Amar sedang berjalan keluar bandara sambil mendorong kopernya, saat ia menerima sebuah notifikasi yang masuk ke dalam ponselnya yang baru ia aktifkan beberapa menit yang lalu.
Amar menarik ponsel tersebut dari saku celananya dan memeriksa pengirim pesan tersebut, Amar merasakan kekecewaan saat mengetahui bukan sang kekasih yang mengiriminya chat melainkan nomor sang kakak iparlah yang masuk.
Safira mengirim sebuah foto sepasang pria dan wanita yang duduk berhadapan , pria itu terlihat menggenggam tangan sang wanita, dan yang bikin Amarta shock adalah sesosok perempuan yang tak lain adalah Vio kekasihnya itu.
Dengan wajah menegang Amarta menekan nomor ponsel Vio, tak memerlukan waktu lama panggilan tersebut pun diterima oleh sang kekasih.
"Di mana Vi?" tanya Amar.
"Di rumah Mas," jawab Vio terdengar lirih dan seperti habis menangis.

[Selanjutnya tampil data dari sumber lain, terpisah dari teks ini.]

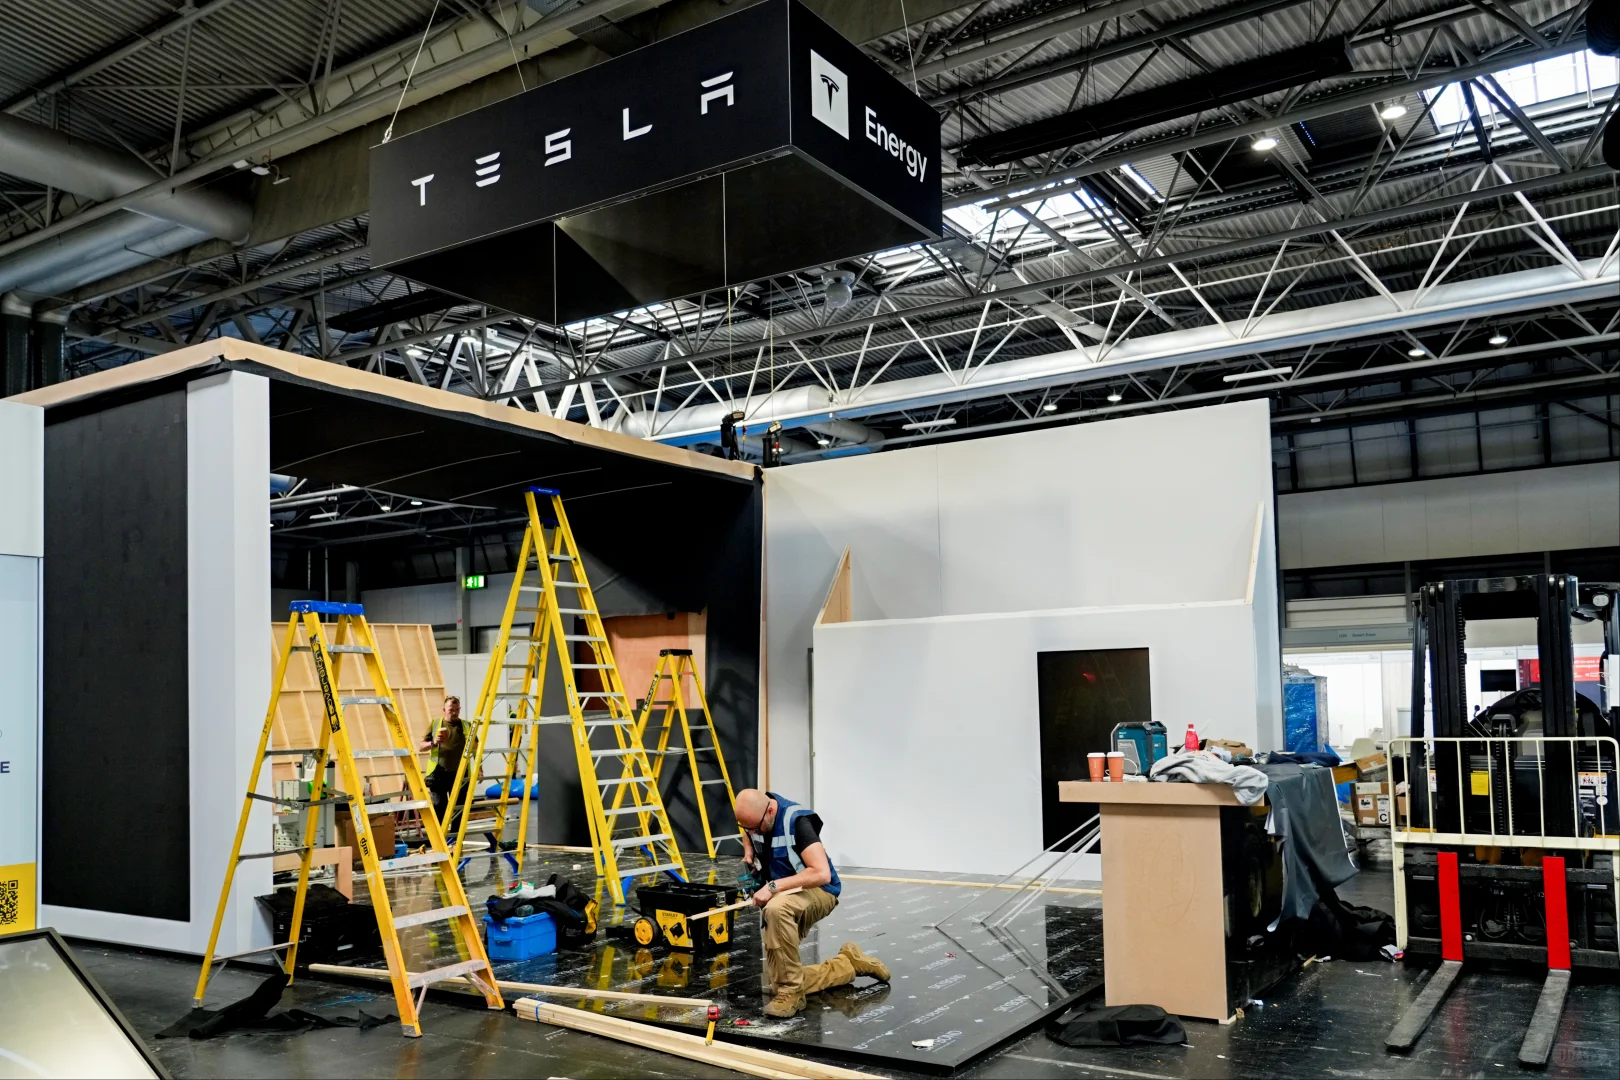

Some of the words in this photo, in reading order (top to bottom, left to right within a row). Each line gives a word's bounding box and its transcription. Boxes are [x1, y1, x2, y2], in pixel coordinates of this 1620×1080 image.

[411, 71, 735, 206] TESLA
[865, 105, 928, 183] Energy
[1379, 813, 1388, 823] C

"Tadi dari kampus jadi mampir beli keperluan klien?" tanya Amar lagi.
"Nggak jadi Mas, tiba-tiba kepalaku pusing, Pak Pram kasih konsulnya lama banget," keluh Vio pelan.
"Ya udah istirahat aja kalo lagi sakit Vi." Setelah mengucapkan salam, sambungan telepon itupun terputus.
Amar menatap ponsel dalam genggaman itu, jujur perasaannya begitu terluka saat mengetahui Vio bertemu pria lain dan tidak jujur kepadanya.
Haruskah Amar percaya dengan foto tersebut yang nyata-nyata menampilkan gambar kemesraan sang kekasih dengan pria lain.
Tapi dalam hati sana Amar ingin mencari kepastian apa yang foto itu tampilkan dan dia harus bersabar menunggu hingga beberapa hari ke depan karena Amarta harus menyelesaikan pekerjaannya terlebih dahulu.
***
Hari ini setibanya di Jakarta selepas ia mendarat di Cengkareng, Amar segera bergegas menuju ke rumah Vio.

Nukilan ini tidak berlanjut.